(Saved data entries)
+-------+

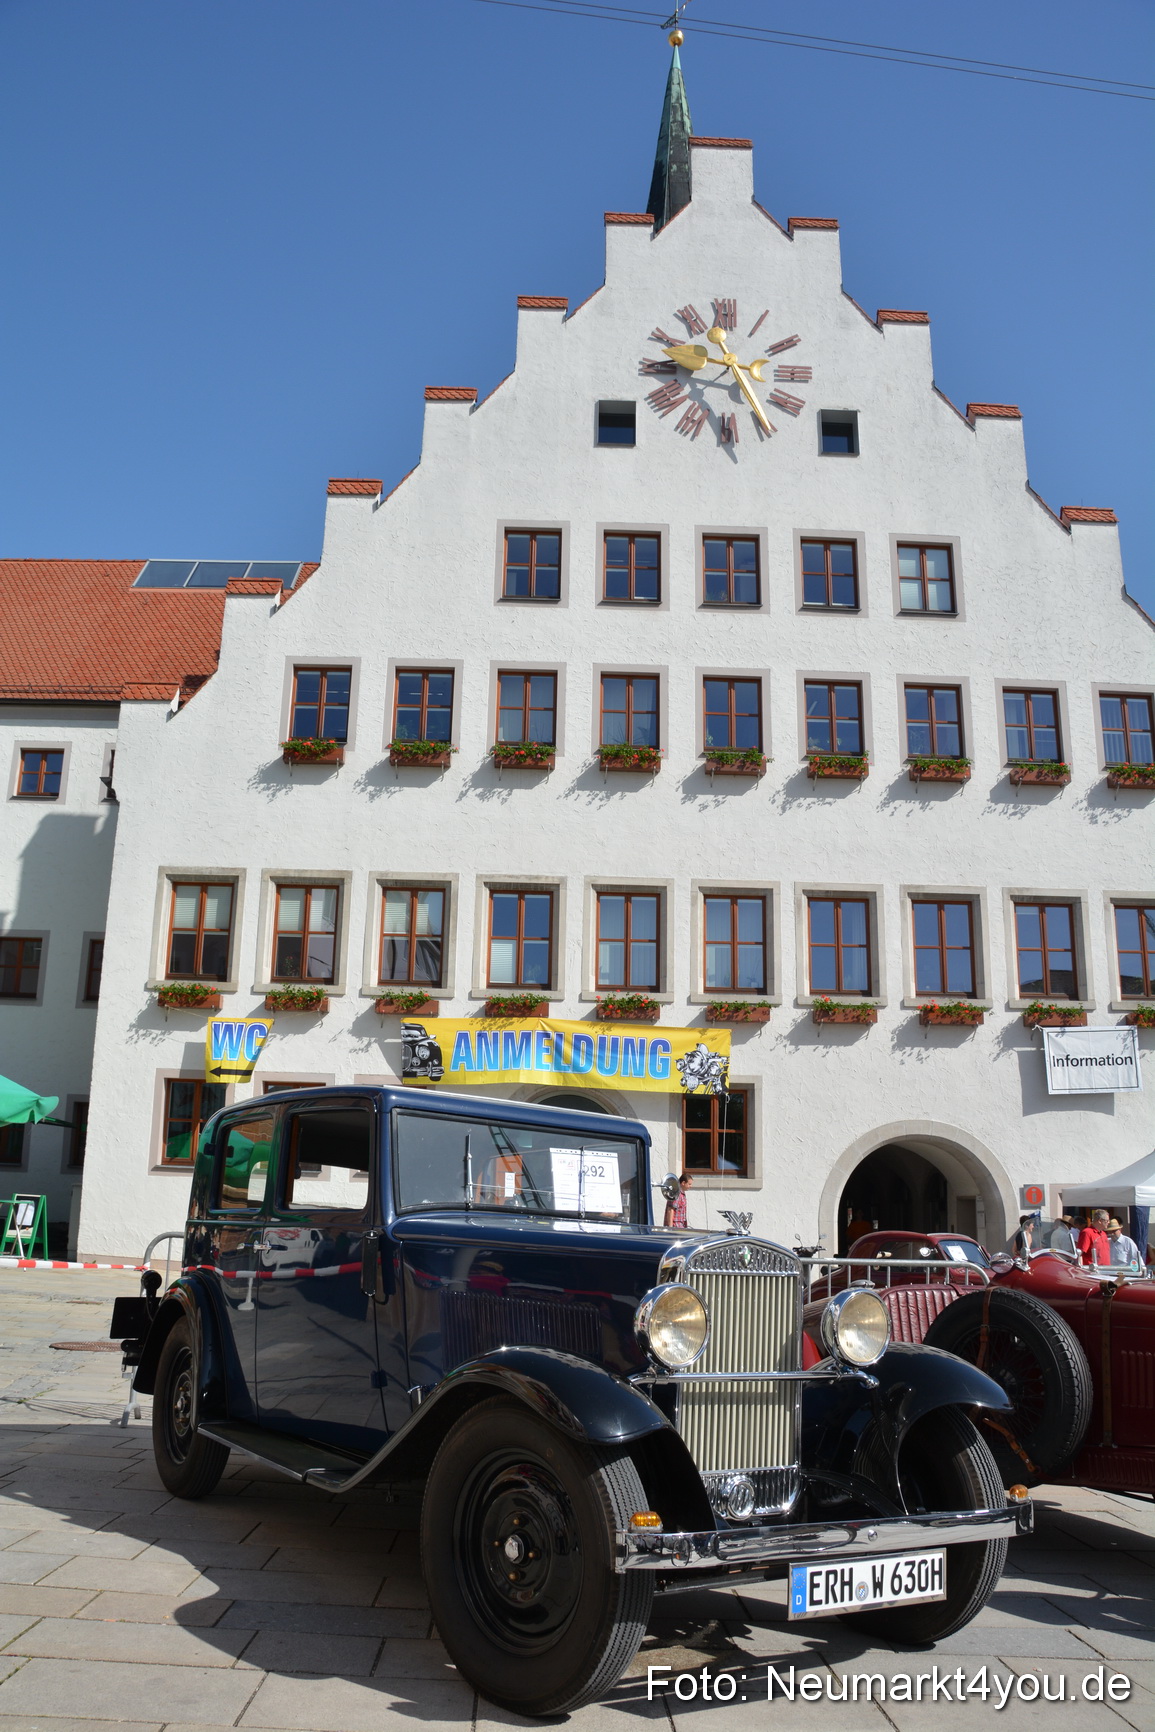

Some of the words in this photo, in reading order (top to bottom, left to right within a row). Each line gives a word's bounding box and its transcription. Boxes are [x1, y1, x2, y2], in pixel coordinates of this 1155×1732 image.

[212, 1021, 268, 1062] WC
[449, 1029, 672, 1080] ANMELDUNG
[1052, 1053, 1133, 1068] Information
[583, 1164, 606, 1178] 292
[809, 1567, 853, 1606] ERH
[871, 1564, 885, 1598] W
[890, 1557, 943, 1596] 630H
[795, 1594, 802, 1605] D
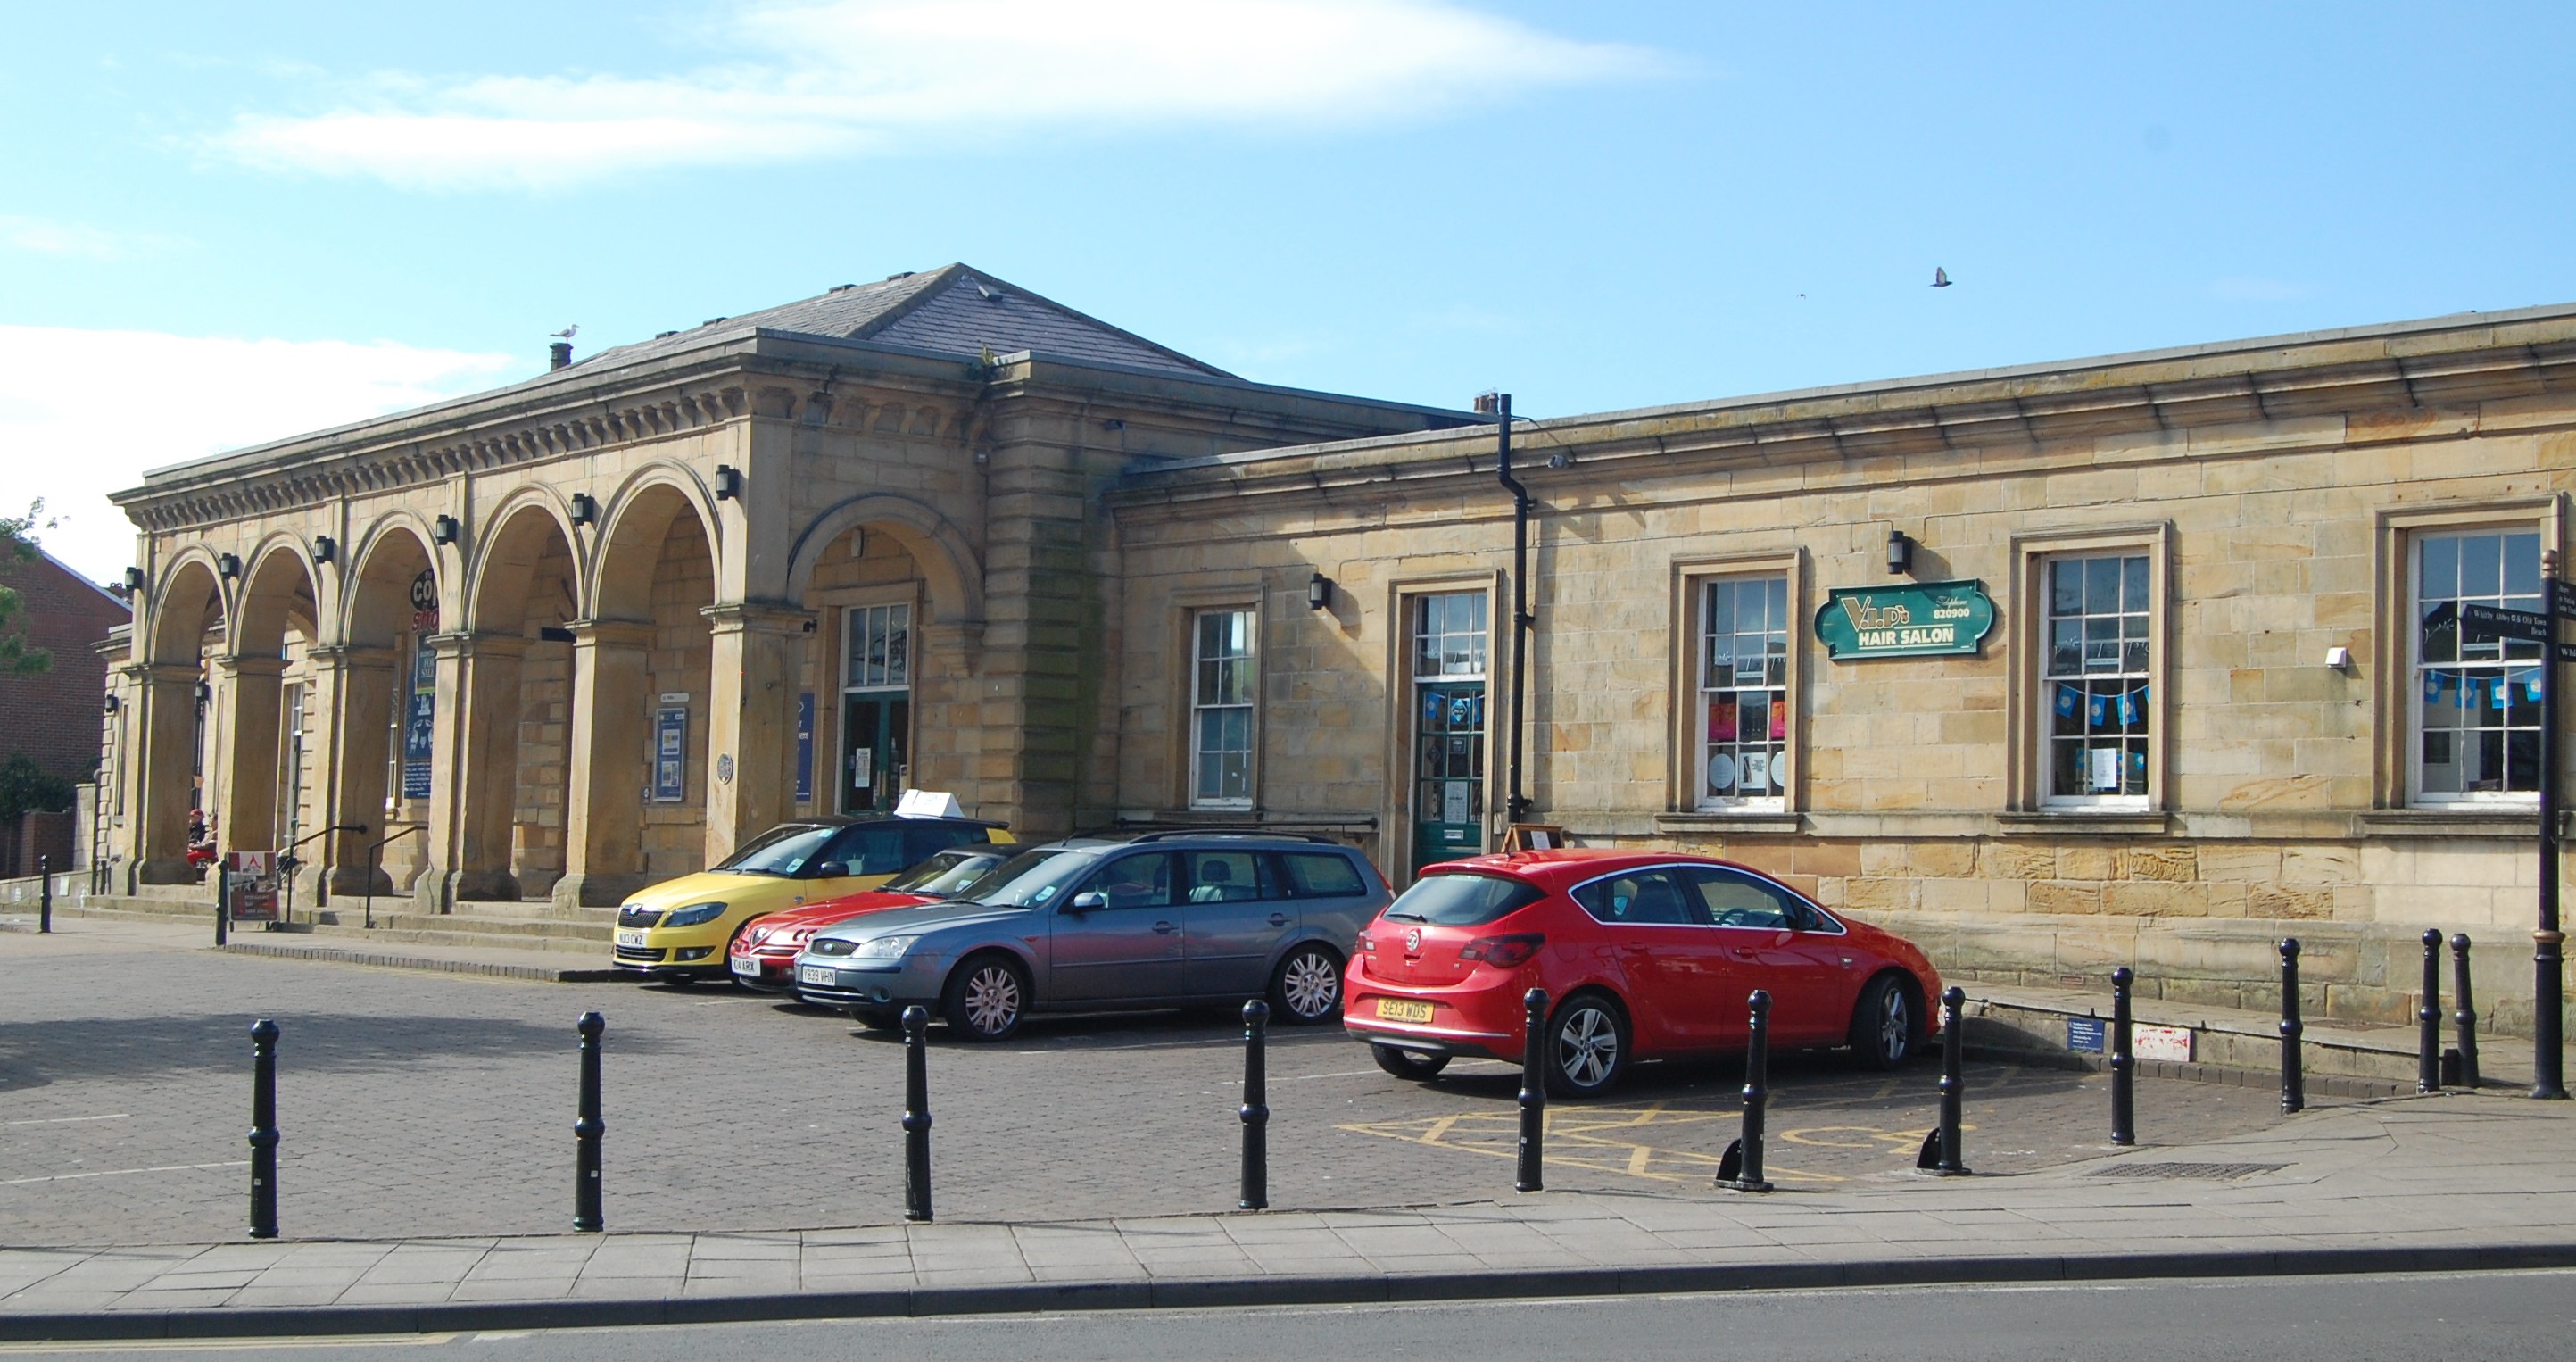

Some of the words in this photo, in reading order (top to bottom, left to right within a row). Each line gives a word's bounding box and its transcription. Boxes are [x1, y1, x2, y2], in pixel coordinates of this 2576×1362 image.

[1934, 608, 1970, 619] 820900
[1859, 631, 1897, 646] HAIR
[1901, 627, 1954, 644] SALON
[821, 969, 834, 983] VHN
[1406, 1003, 1427, 1018] WDS
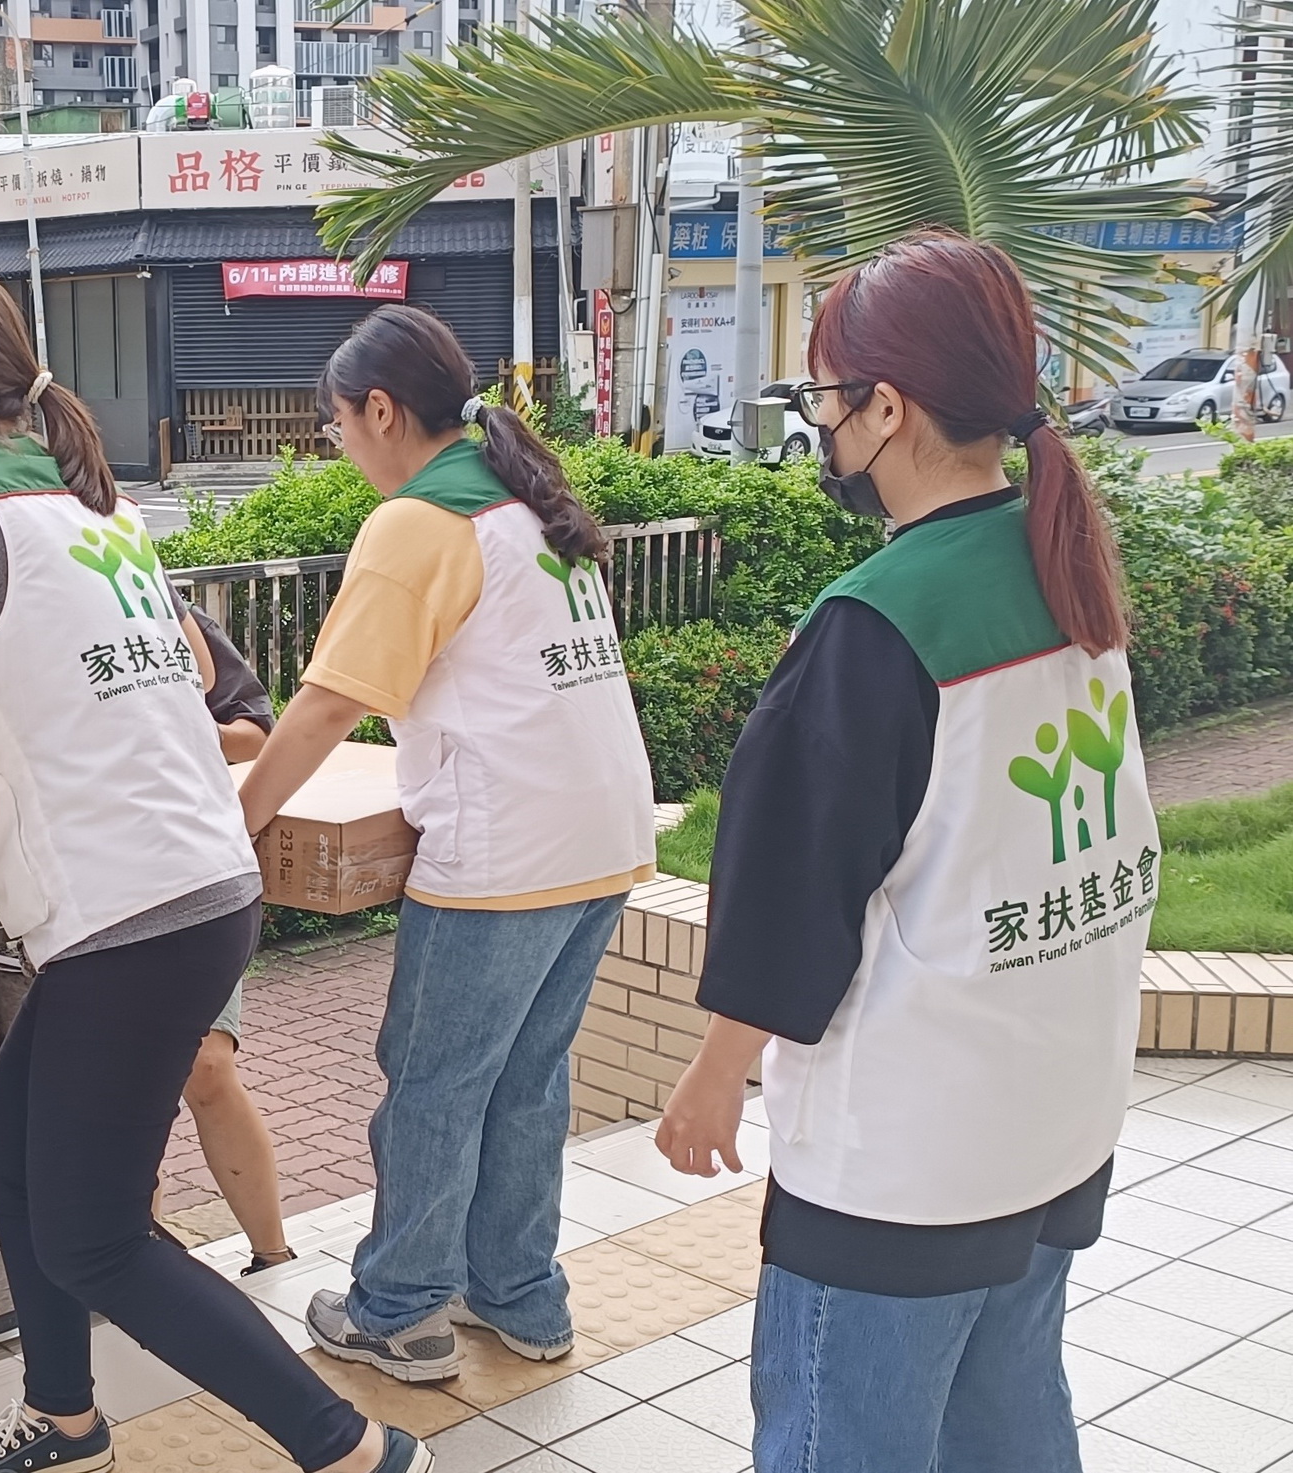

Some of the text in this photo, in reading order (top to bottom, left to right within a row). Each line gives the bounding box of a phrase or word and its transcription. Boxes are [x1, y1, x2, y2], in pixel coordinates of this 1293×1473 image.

[168, 149, 264, 194] 品格
[61, 192, 90, 202] HOTPOT
[94, 683, 135, 702] Taiwan
[136, 677, 158, 689] Fund
[158, 674, 170, 684] for
[551, 679, 579, 691] Taiwan
[579, 674, 595, 685] Fund
[279, 829, 294, 868] 23.8
[319, 833, 329, 870] acer
[351, 878, 380, 897] Acer
[984, 845, 1158, 954] 家扶基金會
[989, 955, 1035, 974] Taiwan
[1038, 942, 1067, 963] Fund
[1069, 938, 1083, 953] for
[1084, 922, 1119, 946] Children
[1119, 913, 1133, 928] and

+-------+

EXERCISE GOAL: Copy from the line with "Some of the text" to the final line of the records, inclusive, and add nothing else.

ANSWER BELOW:
Some of the text in this photo, in reading order (top to bottom, left to right within a row). Each line gives the bounding box of a phrase or word and its transcription. Boxes are [x1, y1, x2, y2], in pixel coordinates of this 1293×1473 image.

[168, 149, 264, 194] 品格
[61, 192, 90, 202] HOTPOT
[94, 683, 135, 702] Taiwan
[136, 677, 158, 689] Fund
[158, 674, 170, 684] for
[551, 679, 579, 691] Taiwan
[579, 674, 595, 685] Fund
[279, 829, 294, 868] 23.8
[319, 833, 329, 870] acer
[351, 878, 380, 897] Acer
[984, 845, 1158, 954] 家扶基金會
[989, 955, 1035, 974] Taiwan
[1038, 942, 1067, 963] Fund
[1069, 938, 1083, 953] for
[1084, 922, 1119, 946] Children
[1119, 913, 1133, 928] and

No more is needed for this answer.